WORK TO COMPLETE -
All of the data needs to come back exactly as written.

Saved entries:
+--

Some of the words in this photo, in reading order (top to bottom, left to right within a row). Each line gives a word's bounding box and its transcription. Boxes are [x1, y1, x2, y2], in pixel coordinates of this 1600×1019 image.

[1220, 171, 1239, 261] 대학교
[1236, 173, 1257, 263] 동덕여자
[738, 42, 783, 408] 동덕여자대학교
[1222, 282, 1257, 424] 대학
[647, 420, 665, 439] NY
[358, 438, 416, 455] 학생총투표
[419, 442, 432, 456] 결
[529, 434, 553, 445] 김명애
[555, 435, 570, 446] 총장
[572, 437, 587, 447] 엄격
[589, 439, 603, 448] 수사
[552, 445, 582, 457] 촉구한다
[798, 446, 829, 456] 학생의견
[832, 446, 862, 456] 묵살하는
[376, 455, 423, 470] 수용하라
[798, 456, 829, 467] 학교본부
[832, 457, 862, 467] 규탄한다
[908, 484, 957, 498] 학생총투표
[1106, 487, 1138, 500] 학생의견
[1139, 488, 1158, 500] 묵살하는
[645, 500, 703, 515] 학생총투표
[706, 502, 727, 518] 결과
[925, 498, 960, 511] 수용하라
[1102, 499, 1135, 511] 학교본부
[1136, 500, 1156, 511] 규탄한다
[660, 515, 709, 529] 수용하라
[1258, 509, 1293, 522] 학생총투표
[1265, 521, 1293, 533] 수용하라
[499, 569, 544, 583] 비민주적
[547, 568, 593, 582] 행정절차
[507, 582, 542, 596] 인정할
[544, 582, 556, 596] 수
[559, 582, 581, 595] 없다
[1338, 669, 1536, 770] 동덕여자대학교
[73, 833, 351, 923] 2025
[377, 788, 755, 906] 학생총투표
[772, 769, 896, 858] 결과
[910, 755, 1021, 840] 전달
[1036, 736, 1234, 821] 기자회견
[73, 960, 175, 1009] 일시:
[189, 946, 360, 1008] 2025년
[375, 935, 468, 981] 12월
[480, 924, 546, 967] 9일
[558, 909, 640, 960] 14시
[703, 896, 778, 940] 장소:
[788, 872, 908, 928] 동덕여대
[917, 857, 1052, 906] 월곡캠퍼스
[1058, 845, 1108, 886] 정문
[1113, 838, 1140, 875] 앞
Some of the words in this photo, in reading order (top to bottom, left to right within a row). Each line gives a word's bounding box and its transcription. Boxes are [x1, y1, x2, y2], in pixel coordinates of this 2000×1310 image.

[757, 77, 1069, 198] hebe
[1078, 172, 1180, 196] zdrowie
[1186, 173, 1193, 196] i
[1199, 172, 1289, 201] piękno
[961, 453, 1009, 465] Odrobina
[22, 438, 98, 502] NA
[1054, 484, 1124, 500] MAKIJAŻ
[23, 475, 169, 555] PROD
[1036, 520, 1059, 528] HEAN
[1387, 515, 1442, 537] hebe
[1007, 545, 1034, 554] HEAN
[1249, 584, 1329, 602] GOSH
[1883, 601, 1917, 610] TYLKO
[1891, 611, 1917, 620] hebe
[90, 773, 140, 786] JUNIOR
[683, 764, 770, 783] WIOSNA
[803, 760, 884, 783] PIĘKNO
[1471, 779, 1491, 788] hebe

+--

RESPONSE TO THE TASK -
Some of the words in this photo, in reading order (top to bottom, left to right within a row). Each line gives a word's bounding box and its transcription. Boxes are [x1, y1, x2, y2], in pixel coordinates of this 1600×1019 image.

[1220, 171, 1239, 261] 대학교
[1236, 173, 1257, 263] 동덕여자
[738, 42, 783, 408] 동덕여자대학교
[1222, 282, 1257, 424] 대학
[647, 420, 665, 439] NY
[358, 438, 416, 455] 학생총투표
[419, 442, 432, 456] 결
[529, 434, 553, 445] 김명애
[555, 435, 570, 446] 총장
[572, 437, 587, 447] 엄격
[589, 439, 603, 448] 수사
[552, 445, 582, 457] 촉구한다
[798, 446, 829, 456] 학생의견
[832, 446, 862, 456] 묵살하는
[376, 455, 423, 470] 수용하라
[798, 456, 829, 467] 학교본부
[832, 457, 862, 467] 규탄한다
[908, 484, 957, 498] 학생총투표
[1106, 487, 1138, 500] 학생의견
[1139, 488, 1158, 500] 묵살하는
[645, 500, 703, 515] 학생총투표
[706, 502, 727, 518] 결과
[925, 498, 960, 511] 수용하라
[1102, 499, 1135, 511] 학교본부
[1136, 500, 1156, 511] 규탄한다
[660, 515, 709, 529] 수용하라
[1258, 509, 1293, 522] 학생총투표
[1265, 521, 1293, 533] 수용하라
[499, 569, 544, 583] 비민주적
[547, 568, 593, 582] 행정절차
[507, 582, 542, 596] 인정할
[544, 582, 556, 596] 수
[559, 582, 581, 595] 없다
[1338, 669, 1536, 770] 동덕여자대학교
[73, 833, 351, 923] 2025
[377, 788, 755, 906] 학생총투표
[772, 769, 896, 858] 결과
[910, 755, 1021, 840] 전달
[1036, 736, 1234, 821] 기자회견
[73, 960, 175, 1009] 일시:
[189, 946, 360, 1008] 2025년
[375, 935, 468, 981] 12월
[480, 924, 546, 967] 9일
[558, 909, 640, 960] 14시
[703, 896, 778, 940] 장소:
[788, 872, 908, 928] 동덕여대
[917, 857, 1052, 906] 월곡캠퍼스
[1058, 845, 1108, 886] 정문
[1113, 838, 1140, 875] 앞
Some of the words in this photo, in reading order (top to bottom, left to right within a row). Each line gives a word's bounding box and its transcription. Boxes are [x1, y1, x2, y2], in pixel coordinates of this 2000×1310 image.

[757, 77, 1069, 198] hebe
[1078, 172, 1180, 196] zdrowie
[1186, 173, 1193, 196] i
[1199, 172, 1289, 201] piękno
[961, 453, 1009, 465] Odrobina
[22, 438, 98, 502] NA
[1054, 484, 1124, 500] MAKIJAŻ
[23, 475, 169, 555] PROD
[1036, 520, 1059, 528] HEAN
[1387, 515, 1442, 537] hebe
[1007, 545, 1034, 554] HEAN
[1249, 584, 1329, 602] GOSH
[1883, 601, 1917, 610] TYLKO
[1891, 611, 1917, 620] hebe
[90, 773, 140, 786] JUNIOR
[683, 764, 770, 783] WIOSNA
[803, 760, 884, 783] PIĘKNO
[1471, 779, 1491, 788] hebe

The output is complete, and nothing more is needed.